Questions she suggests asking yourself include: Whose voice is that? Your adult voice of what you think and believe, or does it come from somewhere or someone else? "If your parents are still living, you can also start to notice how you interact with your parents now, and then see how those patterns may be playing out in your romantic relationships," she notes.
What are Functional Bonding and Secure Attachment?
A big believer in science, Dr. Bergen says, "Groundbreaking research during the 1960s and 1970s by John Bowlby and Mary Ainsworth assisted in our understanding of attachment theory. Since their work, many psychological researchers have examined the different ways secure, and various forms of insecure attachments with our parents affect our attachment styles as adults." For instance, if parents showed love, responded to our needs, and validated our feelings, we were more likely to develop a secure attachment style. We then seek out and desire that same attachment style as an adult.

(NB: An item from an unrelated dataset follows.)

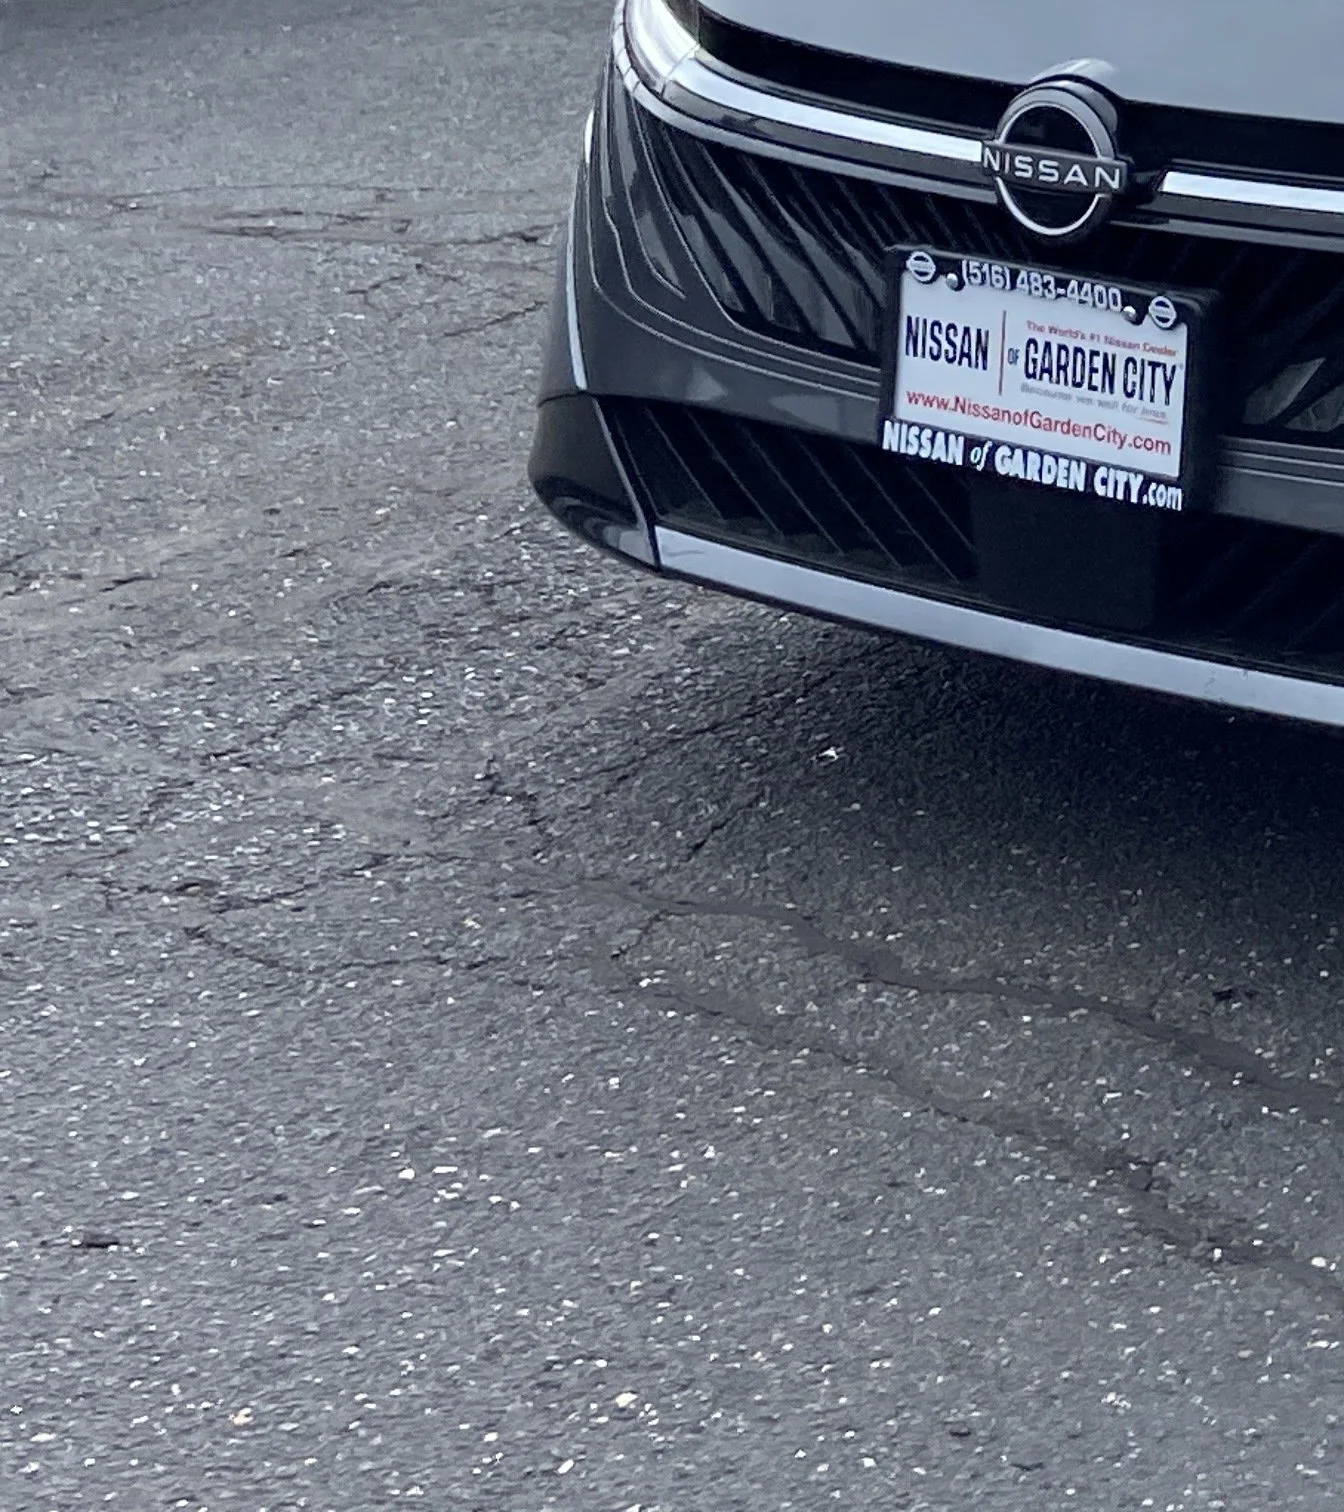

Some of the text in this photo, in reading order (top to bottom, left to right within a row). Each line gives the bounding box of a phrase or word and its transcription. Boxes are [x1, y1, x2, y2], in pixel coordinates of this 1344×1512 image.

On the flip side, if we had an insecure attachment develop with our parents, we may have a fragmented sense of self. This may lead to low self-esteem, anxiety in relationships, doubt that we can trust others, and sometimes being more apt to seek out relationships that mimic this same attachment—not because it feels good but because it is familiar to us.
How Can We Break the Cycle of Negative Family Culture From Childhood?
Dr. Bergen offers four pieces of advice: reading, journaling, looking at your current relationship from a different perspective, and giving therapy a try. She offers, "Read books by psychological researcher and clinician John Gottman to learn about the different patterns that lead to positive relationship outcomes and those that lead to negative relationship outcomes." One key thing to remember is to learn about healthy ways to manage conflict and better ways to connect with your partner emotionally. No one likes fighting, but you may dread it less if you can argue more constructively.
Regarding journaling, Dr. Bergen advises, "Journal and increase your self-awareness of your thoughts, feelings, and behaviors in your relationship. Compare what you are noticing with the ways your parents interacted with you and interacted with each other." If you notice that something was missing in your relationship with your parents, reflect on whether or not you are seeking to find it in your current relationship.
Third, "Work on trying out new ways of being in your current relationship. Dr. Gottman outlines specific behaviors you can work on in your relationships such as asking more in-depth questions, turning toward your partner when she makes attempts to connect with you, and expressing yourself assertively when you feel hurt," Dr. Bergen says. After all, trying new things is never a bad idea—especially if you've been together for a while.
Last but not least: "If you continue to find it difficult to break these patterns, therapy may be necessary," she adds. A trained therapist can help you identify these patterns and explore the roadblocks to implementing new, positive ones.